Ceci-ci dit, toute les démonstrations des Pères Eugène et Philibert sur le “Pentecôtisme ou les « Renouveaux charismatiques » et « Renouveaux spirituels » sont faites en fonction des règles de l’Église Catholique.

* * *

Recueil de textes extraits de “La Pensée catholique”, janvier-juin 1975

Documents sur le Pentecôtisme

 
Le Pentecôtisme
 

Interrogation sur le Pentecôtisme

P. Phillibert de Saint-Didier, ofm cap.

Avant-propos

Rédigée pour la « Pensée Catholique », l’étude reproduite ici a paru intéressante à une partie plus large du public. C’est pourquoi nous avons cru devoir en faire un « tiré à part », sous forme de brochure. C’est la présente publication. Au moment où le pentecôtisme vient encore ajouter à la confusion des esprits et risque, après les attaques contre le Saint Sacrifice de la Messe, contre tous les Sacrements, de saper les fondements même de l’Église par une nouvelle offensive d’illuminisme et de libre examen, puisse-t-elle être utile pour affermir les survivants catholiques dans leur indispensable orthodoxie.
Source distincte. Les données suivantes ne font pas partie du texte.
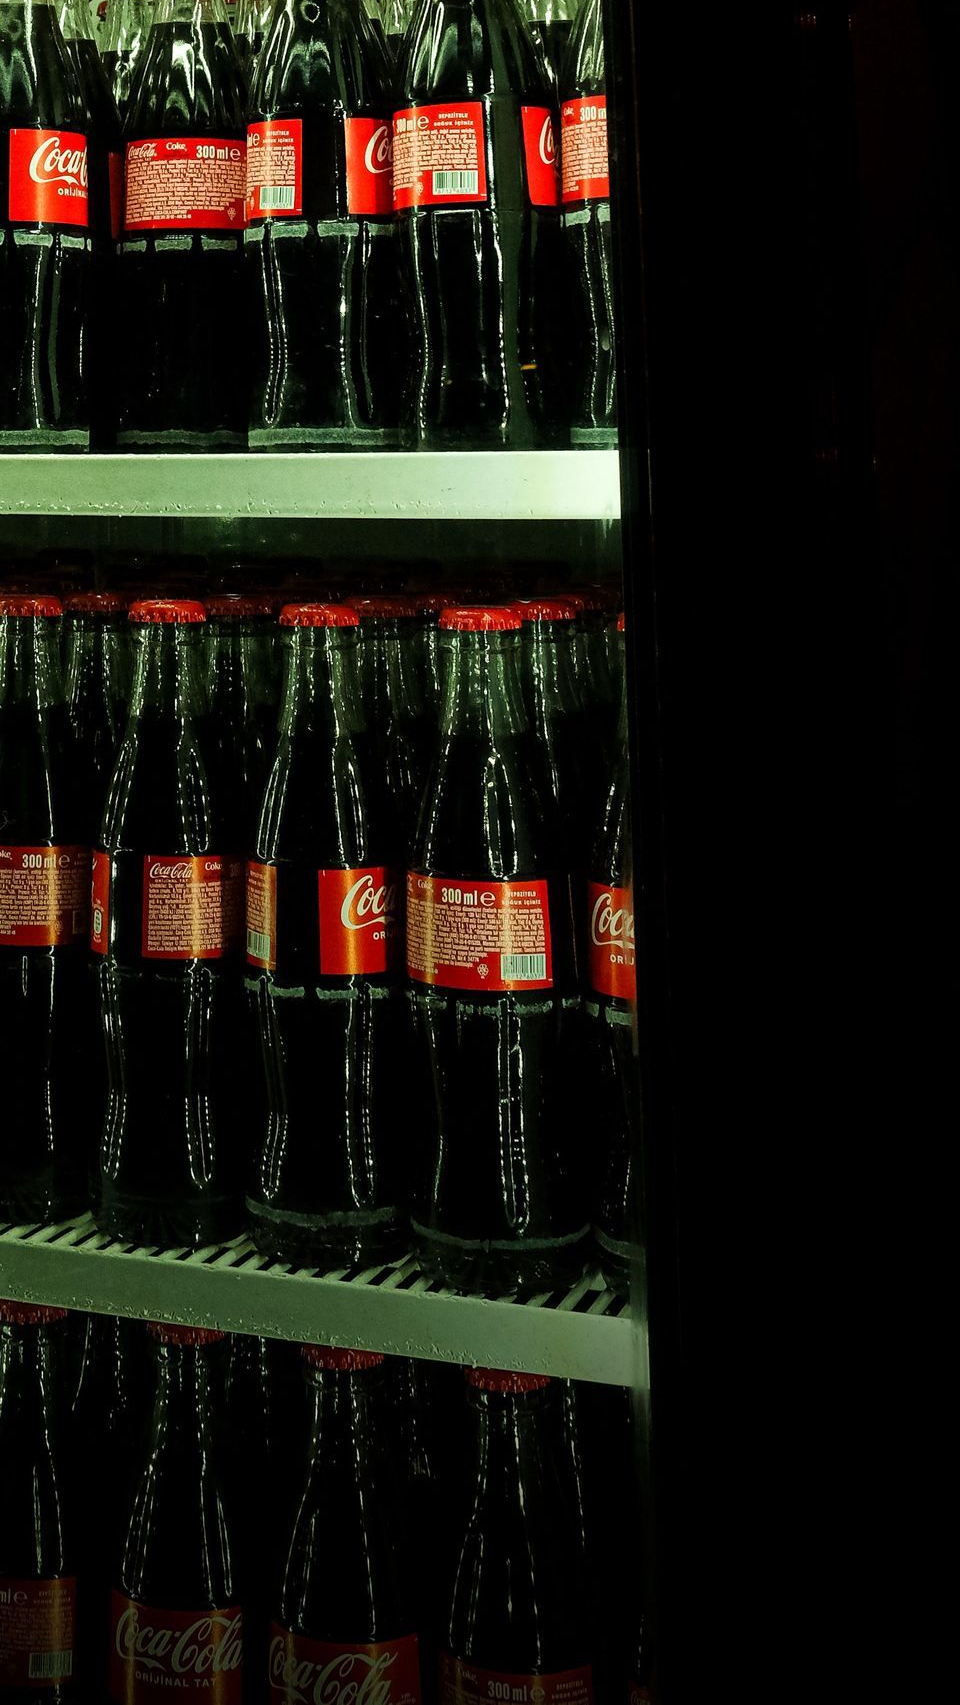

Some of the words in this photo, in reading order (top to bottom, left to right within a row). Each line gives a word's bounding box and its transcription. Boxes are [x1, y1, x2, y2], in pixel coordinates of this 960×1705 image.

[580, 106, 596, 122] 300
[166, 142, 187, 152] Coke
[22, 853, 42, 869] 300
[441, 887, 462, 905] 300
[487, 1679, 512, 1700] 300
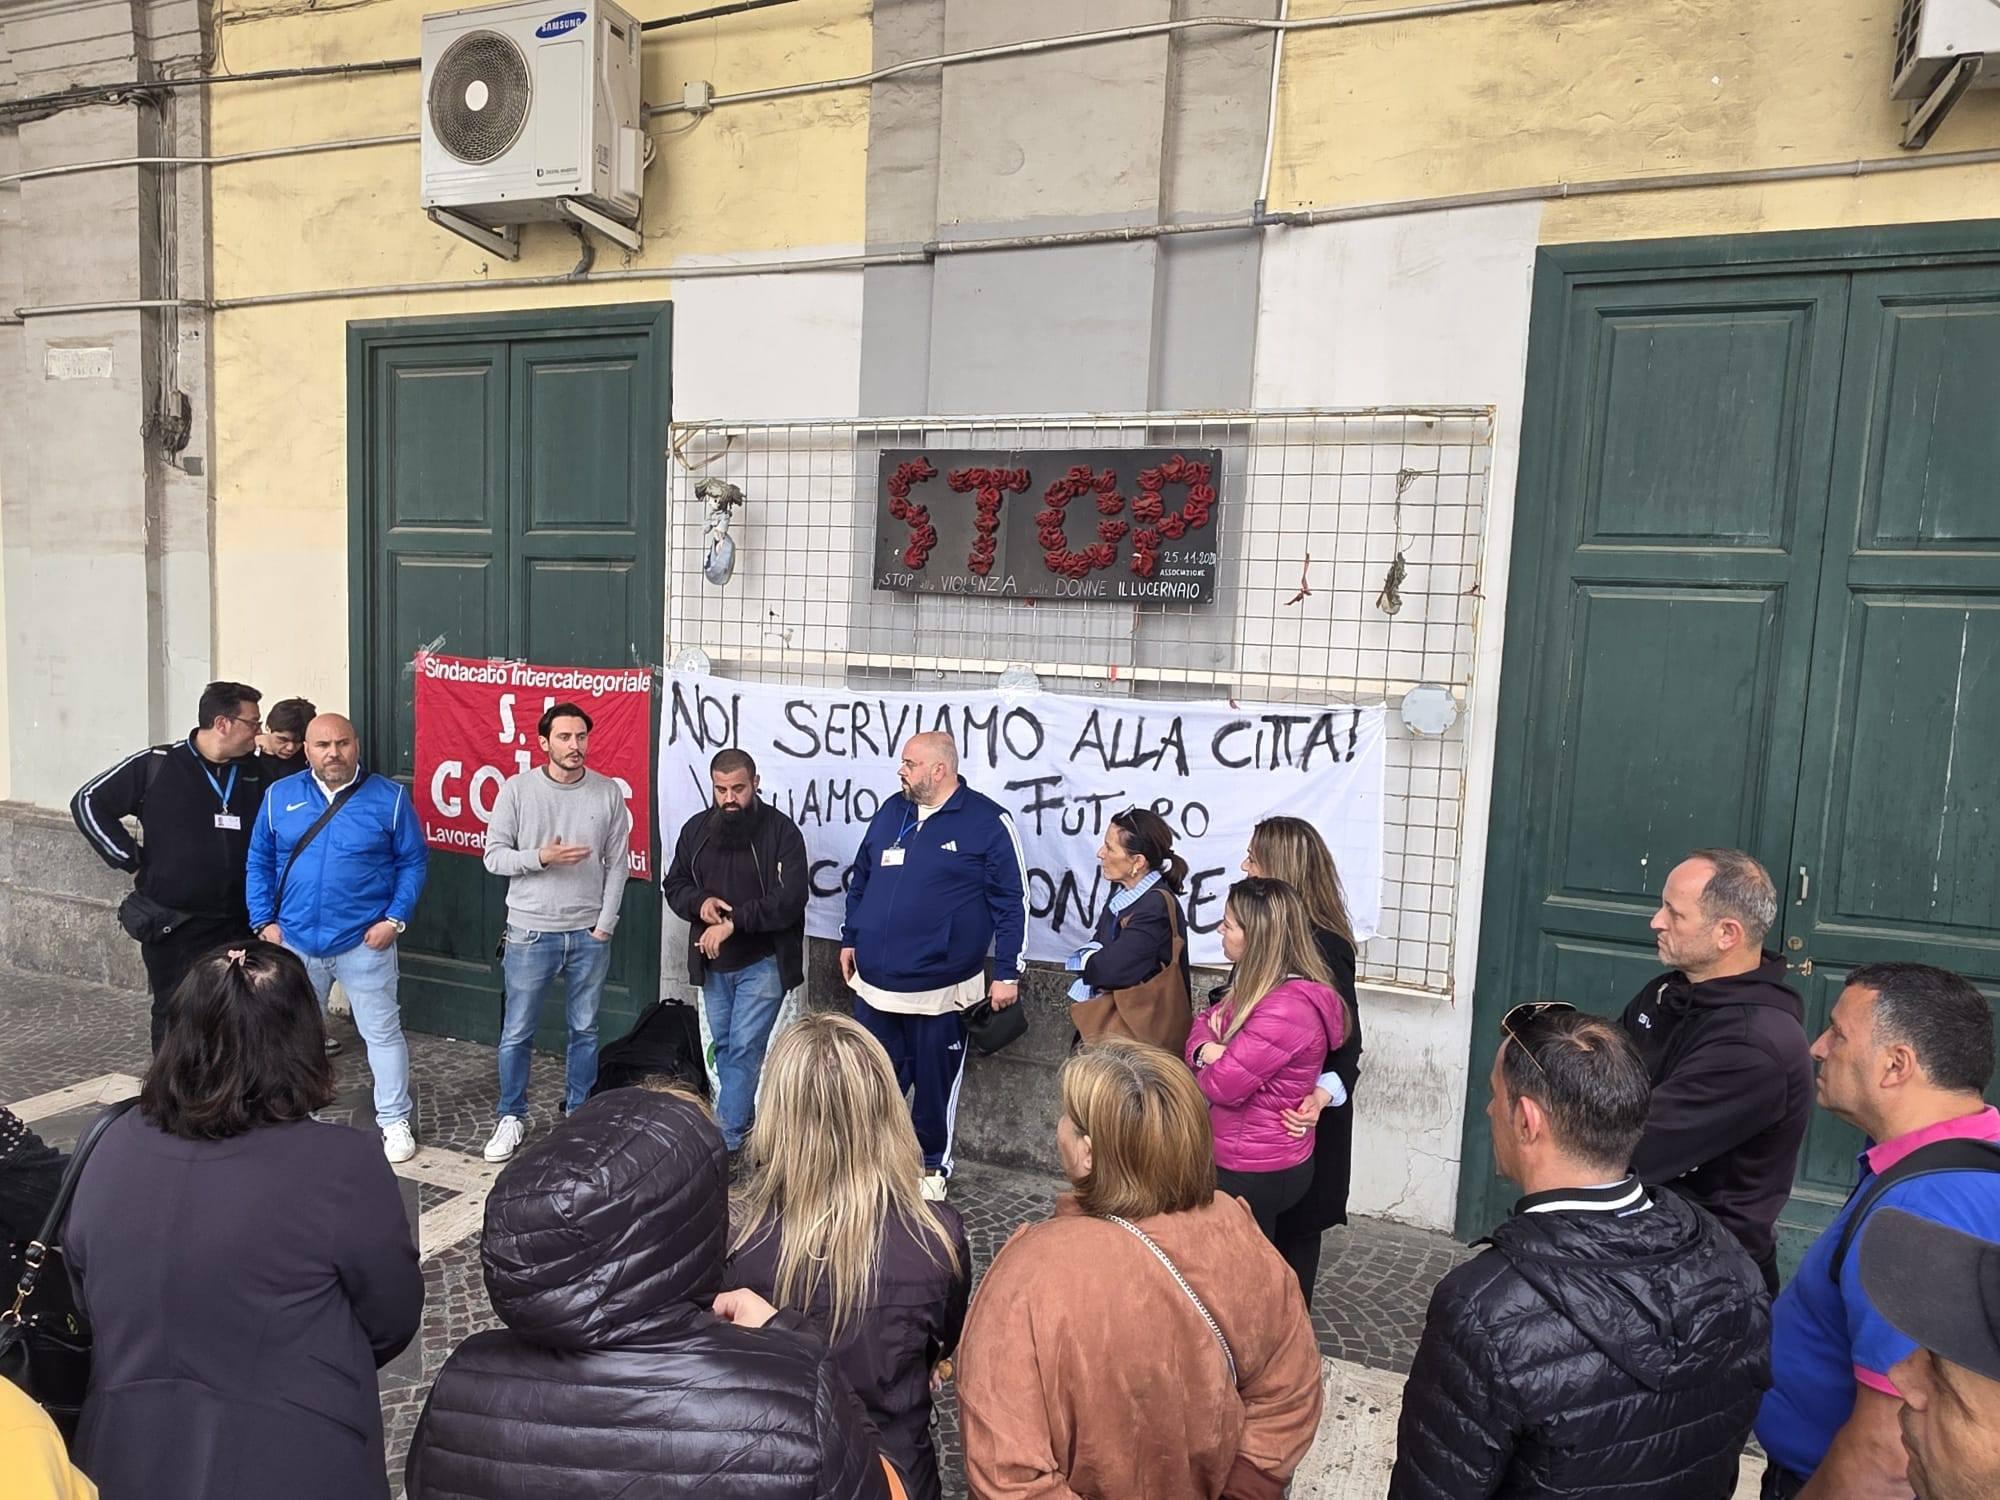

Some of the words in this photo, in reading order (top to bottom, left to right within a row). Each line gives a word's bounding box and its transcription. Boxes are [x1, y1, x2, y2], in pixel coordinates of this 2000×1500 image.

[541, 17, 583, 33] SAMSUNG
[887, 454, 1216, 578] STOP
[882, 572, 914, 588] STOP
[1055, 578, 1107, 597] DONNE
[1131, 580, 1200, 599] LUCERNAIO
[424, 657, 507, 685] Sindacato
[510, 664, 651, 698] Intercategoriale
[669, 680, 741, 753] NOI
[1069, 708, 1190, 777] ALLA
[1003, 775, 1210, 840] FUTRO
[425, 821, 488, 850] Lavorat
C’est là notre seul désir.

Fr Philibert de St Didier.

 

Interrogation sur le Pentecôtisme

Cardinal SuenensTel se présente le livre du Cardinal Suenens avec un point d’interrogation magistral (« Une nouvelle Pentecôte ? » chez Desclée de Brouwer, 272 pages). L’auteur n’est donc point sûr de sa réponse. Après une lecture attentive, nous le sommes encore moins que lui.

 
Une nouvelle Pentecôte ? du Cardinal Suenens
 

I. De quoi exactement a-t-il voulu parler ?

Certes il s’agit des assemblées dites charismatiques des pentecôtistes. Mais comment les conçoit-il ?

Il refuse d’y voir un « baptême dans l’Esprit-Saint » que confèrerait une imposition des mains et dont l’efficacité se manifesterait par des dons extraordinaires comme « le parler en langues ».

Et pourtant il s’est fait lui-même, cardinal, imposer les mains (1), récusant d’ailleurs tout caractère sacramentel (2) à ce geste. Mais celui-ci ne lui en a pas moins fait penser à la recommandation de saint Paul à Timothée (II Tim. I, 67) de ressusciter la grâce qu’il a reçue par imposition des mains de lui-même, Paul. Or il s’agissait certainement, dans ce cas, du Sacrement de l’Ordre.

Sans le dire explicitement notre auteur laisse entendre que le don de parler en langues, le don de guérison, et peut-être d’autres dons extraordinaires, résulteraient de l’imposition des mains pentecôtiste. Ce ne pourrait être qu’en vertu d’une institution divine liant l’Esprit-Saint à un tel rite. Mais comment se ferait-il alors que l’Église, gardienne fidèle de la Foi, nous l’ait laissée ignorer pendant près de vingt siècles ?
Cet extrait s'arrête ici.